It had been Henry's fault. They'd been walking along the sidewalk on Main Street,
just like any other late summer evening, except on that night they'd been bouncing
a worn old basketball that they'd found in the weeds at East Side Park. Henry had
bounced it to Adam, but it had hit a crack and spanged off toward the road. Willy
the dog had immediately jumped to chase it, scrambling out into the yellow glow
of an approaching car.
Adam hadn't even called his dog's name. He had merely lunged after him,
reaching to scoop him up and out of the way. He'd stumbled on the low curb,
fallen forward just as the car squealed and swerved to avoid the dog. The Cutlass'
front right corner had caught Adam in the hip, breaking him in mid-air and
throwing him into the street. Henry had merely watched, frozen in mid-step, just
as if they'd been playing Red Light-Green Light with Adam's mother.

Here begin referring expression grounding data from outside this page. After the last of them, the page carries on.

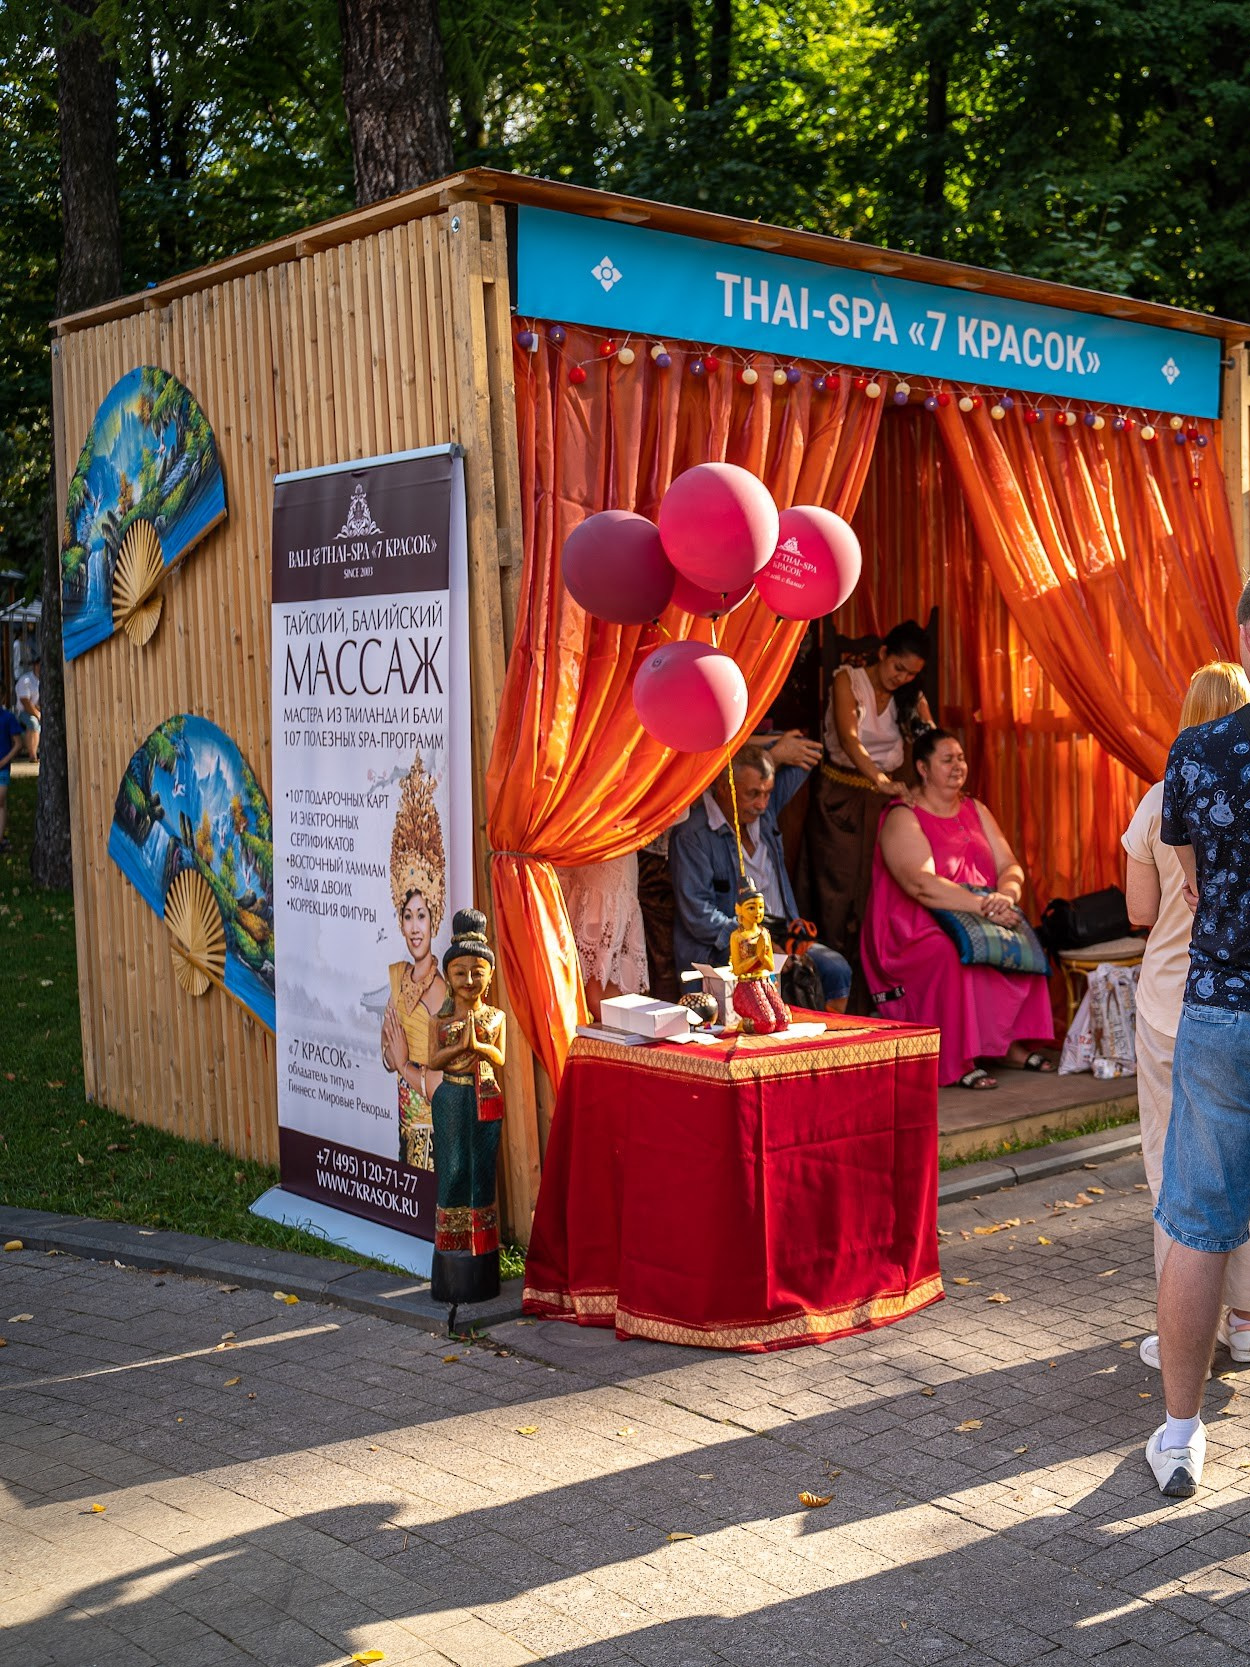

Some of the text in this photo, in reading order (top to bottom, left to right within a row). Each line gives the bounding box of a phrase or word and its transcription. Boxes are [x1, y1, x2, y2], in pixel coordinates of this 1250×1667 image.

[716, 271, 1101, 376] THAI-SPA «7 КРАСОК»
[288, 534, 438, 568] BALI & THAI-SPA «7 КРАСОК»
[782, 553, 817, 573] THAI-SPA
[343, 566, 374, 579] SINCE 2003
[772, 561, 802, 577] КРАСОК
[283, 600, 443, 636] ТАЙСКИЙ, БАЛИЙСКИЙ
[284, 636, 443, 696] МАССАЖ
[283, 707, 443, 724] МАСТЕРА ИЗ ТАИЛАНДА И БАЛИ
[284, 730, 444, 750] 107 ПОЛЕЗНЫХ SPA-ПРОГРАММ
[290, 789, 389, 809] 107 ПОДАРОЧНЫХ КАРТ
[290, 811, 359, 830] И ЭЛЕКТРОННЫХ
[290, 832, 355, 852] СЕРТИФИКАТОВ
[290, 854, 386, 879] ВОСТОЧНЫЙ ХАММАМ
[290, 875, 353, 897] SPA ДЛЯ ДВОИХ
[290, 897, 377, 923] КОРРЕКЦИЯ ФИГУРЫ
[288, 1039, 299, 1057] «7
[301, 1041, 352, 1070] КРАСОК»
[288, 1060, 355, 1091] обладатель титула
[288, 1078, 393, 1121] Гиннесс Мировые Рекорды.
[316, 1148, 418, 1194] +7 (495) 120-71-77
[316, 1168, 419, 1218] WWW.7KRASOK.RU

Prentiss had refused to believe that Adam was dead. He'd knelt over him,
attempted to scoop the pathetic form into his arms, and then glanced back at Adam
[Henry?], his eyes hectic behind his glasses.
"Kid! Run to the fire department! Have them send an ambulance! Go!"
But Henry hadn't. He couldn't move. It had been his fault. Across the street, the
old basketball was still rolling and bumping down the gutter. Willy was still
chasing it, his claws clittering on the pavement.
Henry shook his head harshly as he entered the bathroom and yanked back the
moldy shower curtain. Old memories had plagued him into the wee hours. When
he had finally slept, they had plagued him still, but as nightmares they'd been hazy
and disjointed. It was the waking memory, freshly revived, that was hauntingly,
crystal clear.
Henry showered, saw that it was ten o'clock in the morning, and decided he
couldn't mope around his dingy little house all day. Church bells rang out from
the Calvary Baptist church a few blocks away. It was a singularly depressing
sound. Henry jammed on his work shoes and stalked out the front door, not even
bothering to lock it. He'd walk to Kenney's for coffee. It would help just to be
around people. When he got to Kenney's, however, he didn't go in. He kept
walking. It was better, he realized, to keep moving.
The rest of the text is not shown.